Exercise description:
Write out each line of the material again, word for word.

Input for this task:

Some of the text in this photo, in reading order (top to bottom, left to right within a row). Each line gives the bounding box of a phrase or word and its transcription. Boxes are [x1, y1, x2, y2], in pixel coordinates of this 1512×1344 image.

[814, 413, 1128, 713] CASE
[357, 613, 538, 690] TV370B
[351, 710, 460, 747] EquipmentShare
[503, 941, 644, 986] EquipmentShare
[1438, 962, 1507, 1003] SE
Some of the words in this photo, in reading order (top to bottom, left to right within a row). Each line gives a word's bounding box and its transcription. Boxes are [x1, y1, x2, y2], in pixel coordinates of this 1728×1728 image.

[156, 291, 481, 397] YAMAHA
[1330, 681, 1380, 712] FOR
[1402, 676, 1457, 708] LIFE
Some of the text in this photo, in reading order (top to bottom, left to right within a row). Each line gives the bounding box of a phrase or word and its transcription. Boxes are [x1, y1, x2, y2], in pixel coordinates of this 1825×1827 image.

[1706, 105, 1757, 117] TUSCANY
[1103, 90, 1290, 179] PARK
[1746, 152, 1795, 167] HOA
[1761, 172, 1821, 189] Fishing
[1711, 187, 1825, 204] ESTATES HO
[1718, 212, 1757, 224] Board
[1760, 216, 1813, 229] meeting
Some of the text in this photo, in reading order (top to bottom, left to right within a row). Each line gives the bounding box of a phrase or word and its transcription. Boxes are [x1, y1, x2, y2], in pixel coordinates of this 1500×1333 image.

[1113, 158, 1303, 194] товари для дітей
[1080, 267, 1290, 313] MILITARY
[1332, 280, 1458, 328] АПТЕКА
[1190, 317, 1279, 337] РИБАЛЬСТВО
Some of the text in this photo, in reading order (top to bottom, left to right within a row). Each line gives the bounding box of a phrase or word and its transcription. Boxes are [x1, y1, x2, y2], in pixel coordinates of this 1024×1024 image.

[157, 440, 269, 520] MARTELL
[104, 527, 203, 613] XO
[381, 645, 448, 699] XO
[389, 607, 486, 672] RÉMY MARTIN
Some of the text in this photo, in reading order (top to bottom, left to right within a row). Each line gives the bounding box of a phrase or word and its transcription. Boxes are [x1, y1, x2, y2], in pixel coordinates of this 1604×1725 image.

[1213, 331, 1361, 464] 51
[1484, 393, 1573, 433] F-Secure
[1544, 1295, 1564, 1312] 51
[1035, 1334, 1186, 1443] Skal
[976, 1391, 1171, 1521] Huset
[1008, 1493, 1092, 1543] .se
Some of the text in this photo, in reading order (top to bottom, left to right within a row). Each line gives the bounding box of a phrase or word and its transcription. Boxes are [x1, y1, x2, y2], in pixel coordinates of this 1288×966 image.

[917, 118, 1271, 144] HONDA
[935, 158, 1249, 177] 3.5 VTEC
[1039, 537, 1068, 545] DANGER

Answer:
Some of the text in this photo, in reading order (top to bottom, left to right within a row). Each line gives the bounding box of a phrase or word and its transcription. Boxes are [x1, y1, x2, y2], in pixel coordinates of this 1512×1344 image.

[814, 413, 1128, 713] CASE
[357, 613, 538, 690] TV370B
[351, 710, 460, 747] EquipmentShare
[503, 941, 644, 986] EquipmentShare
[1438, 962, 1507, 1003] SE
Some of the words in this photo, in reading order (top to bottom, left to right within a row). Each line gives a word's bounding box and its transcription. Boxes are [x1, y1, x2, y2], in pixel coordinates of this 1728×1728 image.

[156, 291, 481, 397] YAMAHA
[1330, 681, 1380, 712] FOR
[1402, 676, 1457, 708] LIFE
Some of the text in this photo, in reading order (top to bottom, left to right within a row). Each line gives the bounding box of a phrase or word and its transcription. Boxes are [x1, y1, x2, y2], in pixel coordinates of this 1825×1827 image.

[1706, 105, 1757, 117] TUSCANY
[1103, 90, 1290, 179] PARK
[1746, 152, 1795, 167] HOA
[1761, 172, 1821, 189] Fishing
[1711, 187, 1825, 204] ESTATES HO
[1718, 212, 1757, 224] Board
[1760, 216, 1813, 229] meeting
Some of the text in this photo, in reading order (top to bottom, left to right within a row). Each line gives the bounding box of a phrase or word and its transcription. Boxes are [x1, y1, x2, y2], in pixel coordinates of this 1500×1333 image.

[1113, 158, 1303, 194] товари для дітей
[1080, 267, 1290, 313] MILITARY
[1332, 280, 1458, 328] АПТЕКА
[1190, 317, 1279, 337] РИБАЛЬСТВО
Some of the text in this photo, in reading order (top to bottom, left to right within a row). Each line gives the bounding box of a phrase or word and its transcription. Boxes are [x1, y1, x2, y2], in pixel coordinates of this 1024×1024 image.

[157, 440, 269, 520] MARTELL
[104, 527, 203, 613] XO
[381, 645, 448, 699] XO
[389, 607, 486, 672] RÉMY MARTIN
Some of the text in this photo, in reading order (top to bottom, left to right within a row). Each line gives the bounding box of a phrase or word and its transcription. Boxes are [x1, y1, x2, y2], in pixel coordinates of this 1604×1725 image.

[1213, 331, 1361, 464] 51
[1484, 393, 1573, 433] F-Secure
[1544, 1295, 1564, 1312] 51
[1035, 1334, 1186, 1443] Skal
[976, 1391, 1171, 1521] Huset
[1008, 1493, 1092, 1543] .se
Some of the text in this photo, in reading order (top to bottom, left to right within a row). Each line gives the bounding box of a phrase or word and its transcription. Boxes are [x1, y1, x2, y2], in pixel coordinates of this 1288×966 image.

[917, 118, 1271, 144] HONDA
[935, 158, 1249, 177] 3.5 VTEC
[1039, 537, 1068, 545] DANGER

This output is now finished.